Discussant/Commentateur/Commentatrice : Karl Gardner (York University)
Coerced Consent and the Space to Say No: Rebecca Hall (Queen's University) Abstract: As a result of sustained and determined Indigenous activism, extractive projects in Canada can no longer proceed without some form of consultation with Indigenous communities. However, the scope of consultation is constrained by Canada’s free-mining regime. As such, while Indigenous communities may negotiate some of the terms of extraction, there is little space to outright reject extractive development. Within these constraints, Indigenous rights are often reframed as the right to participate in the extractive regime, or the right to work, an impoverished framing that is antithetical to decolonizing demands for rights to self-determination. Thus, this paper is premised on a critique of a form of consent that occludes the response, “No”, and explores two questions emerging from that critique.
First, how can community-engaged scholarship be informed by historical and contemporary examples of Indigenous organizing that expands the scope of consultation beyond coerced consent? Thinking through this question is a means of avoiding the very real potential of research about settler/Indigenous consultation reproducing the same constraints enacted in State or industry-led development. Rather, this paper asks, how can research methodologies support and express the community imagination of post-extractive futures? In this way, this paper contributes to the rich body of Canadian literature that critically examines settler/Indigenous consultation on resource development; it does so by extending analysis from the historical and contemporaneous to mapping future, proactive, and, potentially, post-extractive Indigenous community development.
Archiving to Resist Exclusion: Kiera Ladner (University of Manitoba), Marcus Closen (University of Manitoba) Abstract: Archives are often perceived to be concerned only with the minutia of the past, as a means to preserve an accurate and fulsome record of daily life. But what happens when the state exercises its (self-proclaimed) monopoly to control which voices are privileged in the official dialogue or when media perpetually enact violence against Indigenous women? This presentation describes efforts to support the inclusion of counter-narratives, through the creation of anti-violence, anti-colonial Indigenist digital archives and/or record keeping and archival design. This presentation will draw upon my comparative Constitutional Law and Indigenous Politics project (CLIP) and the Digital Archives in Marginalized Communities (DAMC) project to address questions posed by the workshop conveners.

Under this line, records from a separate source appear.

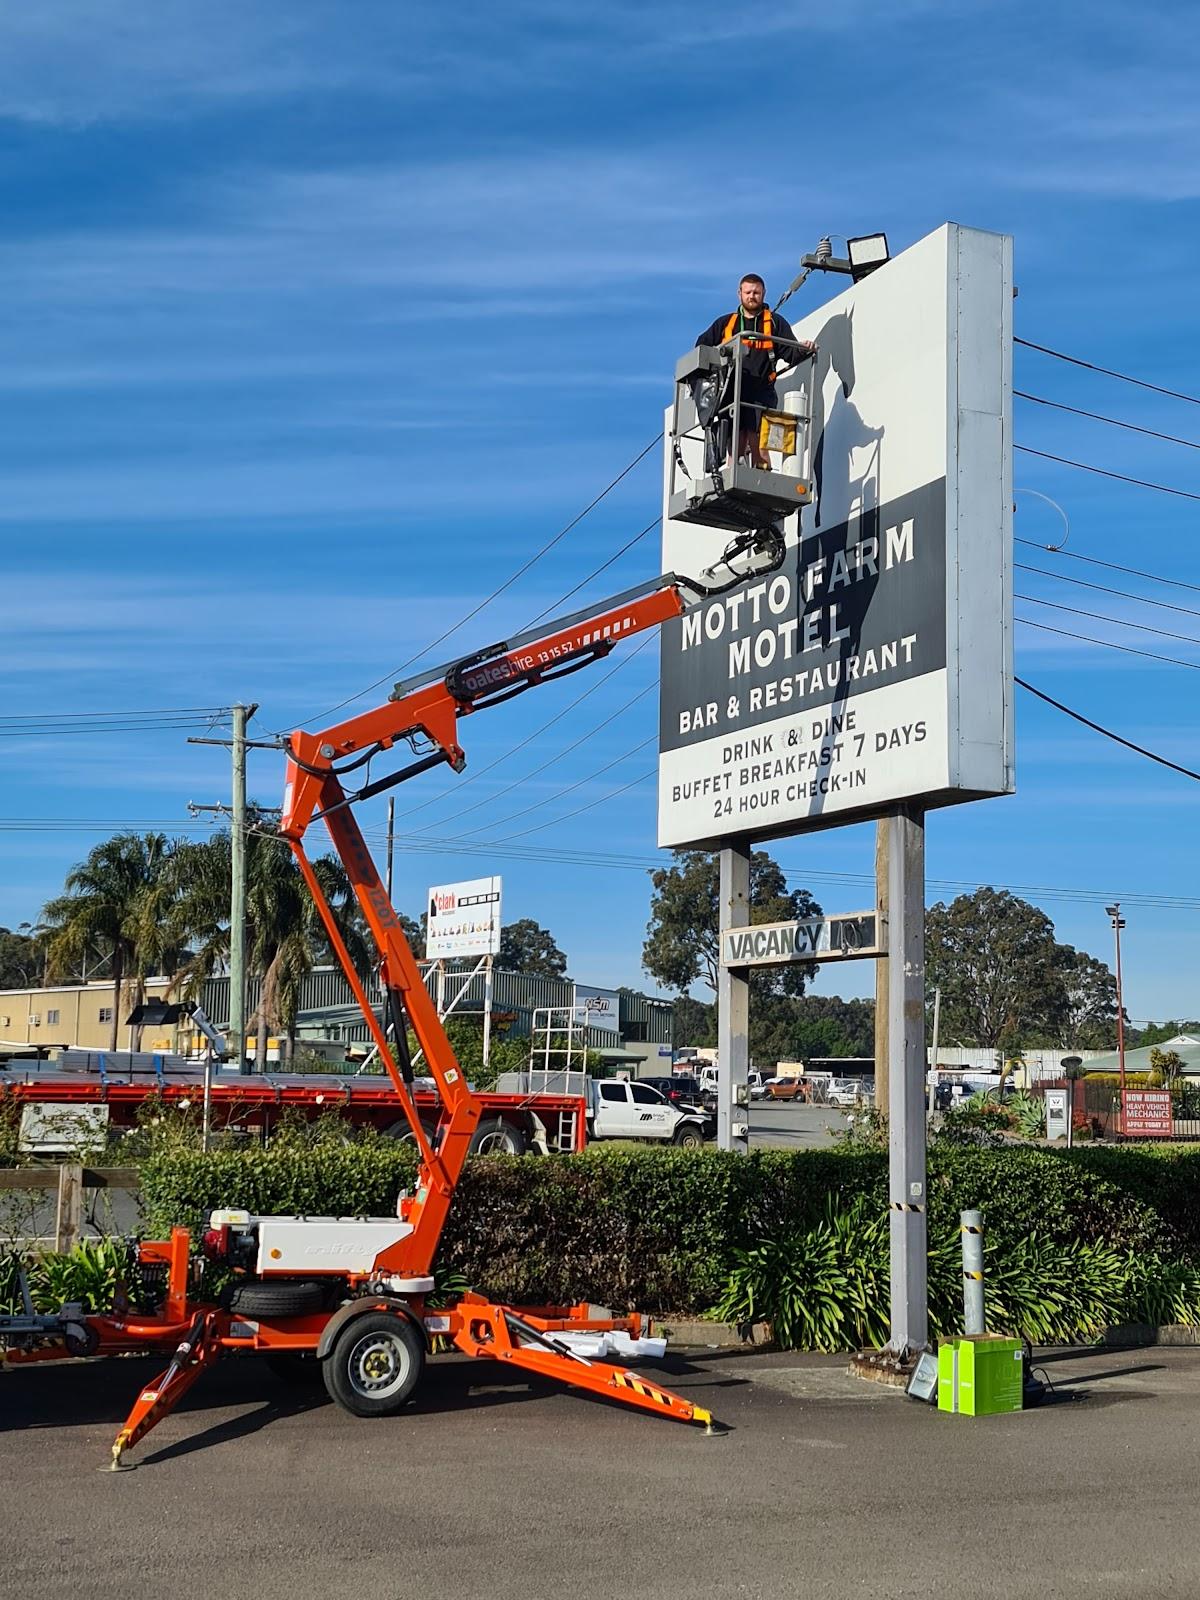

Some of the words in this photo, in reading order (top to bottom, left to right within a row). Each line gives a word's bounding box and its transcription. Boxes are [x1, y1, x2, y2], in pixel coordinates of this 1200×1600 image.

[681, 574, 791, 651] MOTTO
[804, 518, 915, 603] FARM
[462, 655, 534, 692] oateshire
[537, 652, 549, 663] 13
[549, 647, 561, 659] 15
[562, 641, 574, 653] 52
[728, 603, 850, 679] MOTEL
[679, 702, 718, 735] BAR
[727, 695, 740, 718] &
[749, 633, 917, 713] RESTAURANT
[672, 773, 732, 802] BUFFET
[739, 742, 845, 786] BREAKFAST
[853, 733, 866, 757] 7
[875, 721, 927, 753] DAYS
[723, 734, 773, 765] DRINK
[787, 728, 799, 746] &
[812, 710, 857, 741] DINE
[713, 796, 733, 818] 24
[739, 789, 780, 813] HOUR
[786, 768, 866, 801] CHECK-IN
[438, 892, 456, 910] clark
[729, 923, 823, 959] VACANCY
[1126, 1094, 1142, 1102] NOW
[1145, 1094, 1169, 1102] HIRING
[1126, 1110, 1169, 1118] MECHANICS

From the Salish Sea to Secwepemcul’ecw: Engaging with Indigenous Scholarship through a Settler Solidarity Action on Campus: Stacie Swain (University of Victoria) Abstract: In October 2018, the green space next to the Student Union Building at the University of Victoria (UVic) in Coast Salish territory became a temporary site for the construction of a tiny house on a trailer, which was afterward transferred to the Tiny House Warriors. The Tiny House Warriors: Our Land is Home project is led by Secwepemc people who are reclaiming territory and resisting the Trans Mountain Pipeline Expansion within interior British Columbia. Approximately eighty student volunteers participated in the eight-day build itself, with many more contributing to the fundraising and outreach aspects of the project. As a Political Science PhD student enrolled in the Indigenous Nationhood Program I was one of six core organizers of the build, which we described as a settler action undertaken in solidarity with Indigenous peoples. In this paper, I use the UVic Tiny House Warriors build project as a case study to ask how scholarship, specifically Indigenous political theory, can inform settler solidarity action in settler colonial contexts. More specifically, I draw on the concepts of relationality, mobility, and self-determination to discuss the politics of settler solidarity with Indigenous movements. While the case study in question took place within a university setting, it can be used to raise broader questions about the relationship between scholarship, activism, and Indigenous resurgence.